Washington Post Op-Ed: Larry Hogan Shows How Judicial Appointments Are Done

A Washington Post op-ed from a Maryland appellate attorney highlights how Governor Hogan has been setting a national example on judicial appointments. Unlike President Trump and President Biden, Governor Hogan has nominated a historic slate of diverse judges by seeking out qualified candidates — not limiting appointments to candidates with only specific backgrounds.

Read The Washington Post op-ed here.

Larry Hogan shows how judicial appointments are done

Steven M. Klepper

March 11, 2022

Just 30 miles apart, Annapolis and Washington are different worlds when it comes to judicial nominations. President Donald Trump appointed 57 judges to the Supreme Court and federal appellate courts, but not one of them was Black. Now, as President Biden follows through on his campaign pledge to appoint the Supreme Court’s first Black woman, the backlash is ugly.
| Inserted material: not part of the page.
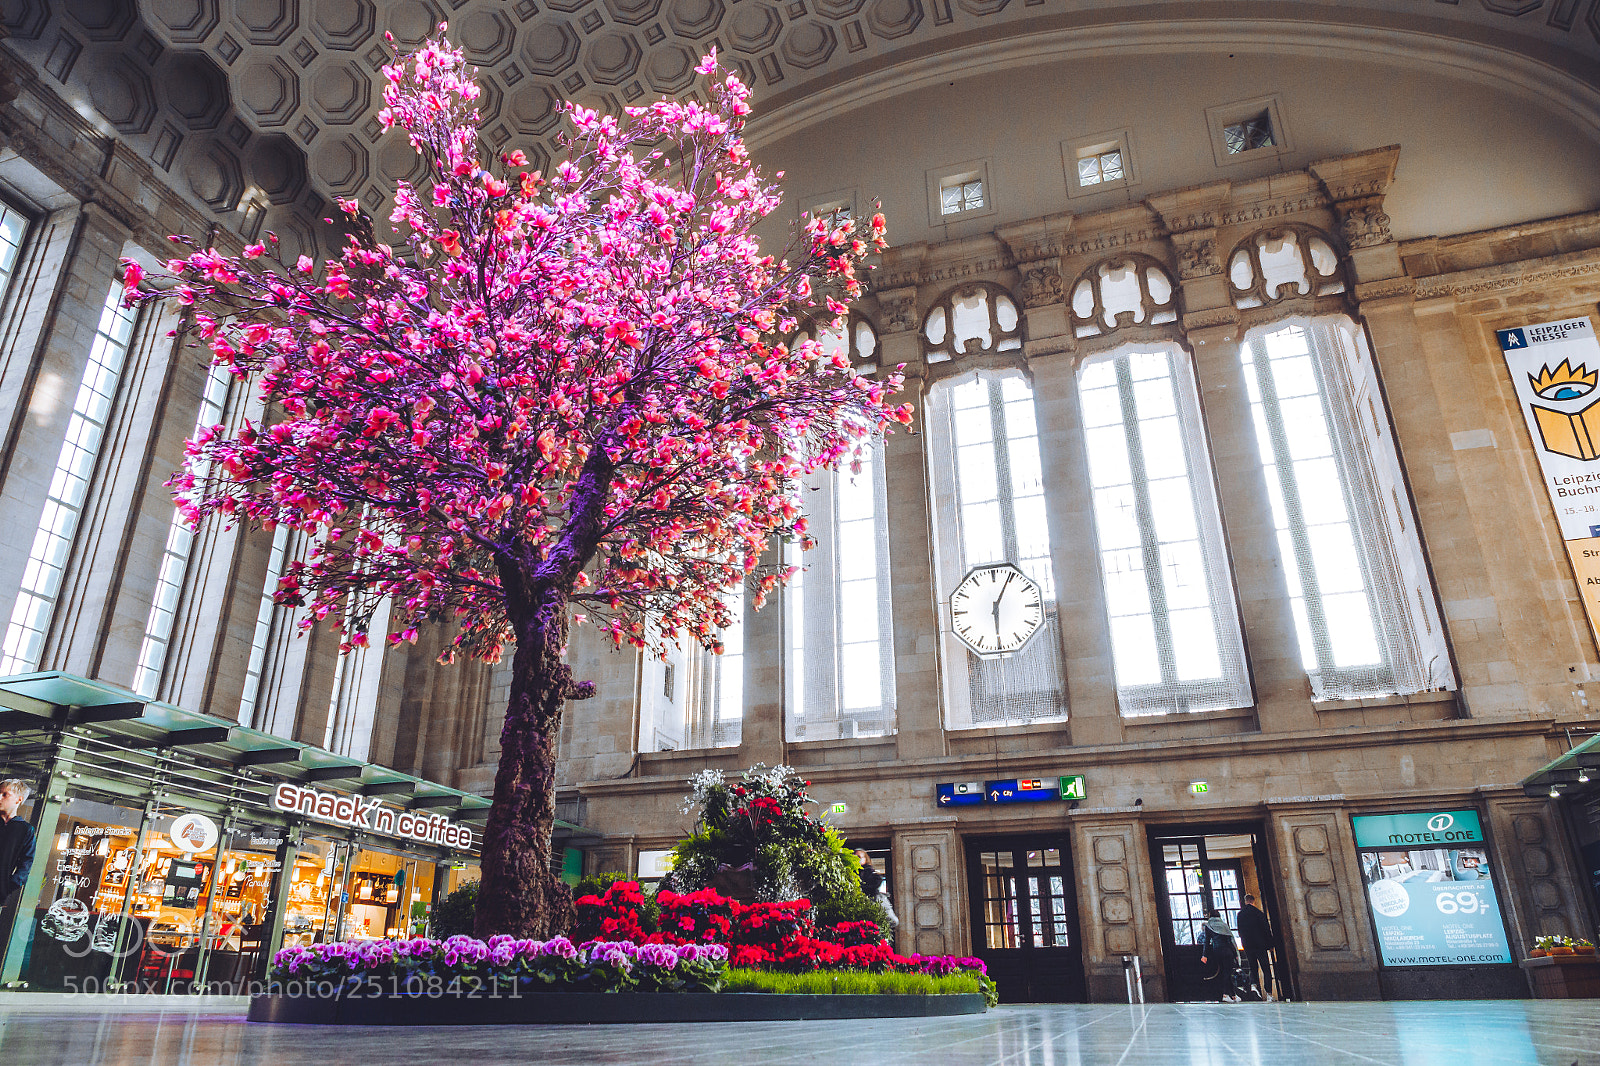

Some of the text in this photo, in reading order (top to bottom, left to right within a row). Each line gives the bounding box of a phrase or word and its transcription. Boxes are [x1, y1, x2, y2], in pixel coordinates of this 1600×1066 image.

On Twitter, a Georgetown law lecturer, Ilya Shapiro, praised an Indian American judge as the “objectively best pick for Biden” but said the judge “doesn’t fit into the latest intersectionality hierarchy so we’ll get lesser black woman.” Shapiro apologized for his “inartful” tweet and deleted it.

Weeks later, Judge James Ho, a Trump-appointed appellate judge, reignited the controversy during an address to Georgetown’s chapter of the Federalist Society. “I stand with Ilya on the paramount importance of colorblindness,” Ho said, adding that if “Ilya Shapiro is deserving of cancellation, then you should go ahead and cancel me, too.”

That supposedly “colorblind” approach to judicial nominations resulted in Trump becoming the first president since Richard M. Nixon to serve at least one full term without nominating any Black appellate judges.

Contrast that situation with Maryland, where Gov. Larry Hogan, a Republican, has had the chance to transform Maryland’s appellate courts. He soon will have appointed six of seven judges on the Court of Appeals, which is Maryland’s high court, and seven of 15 judges on the state’s intermediate appellate court.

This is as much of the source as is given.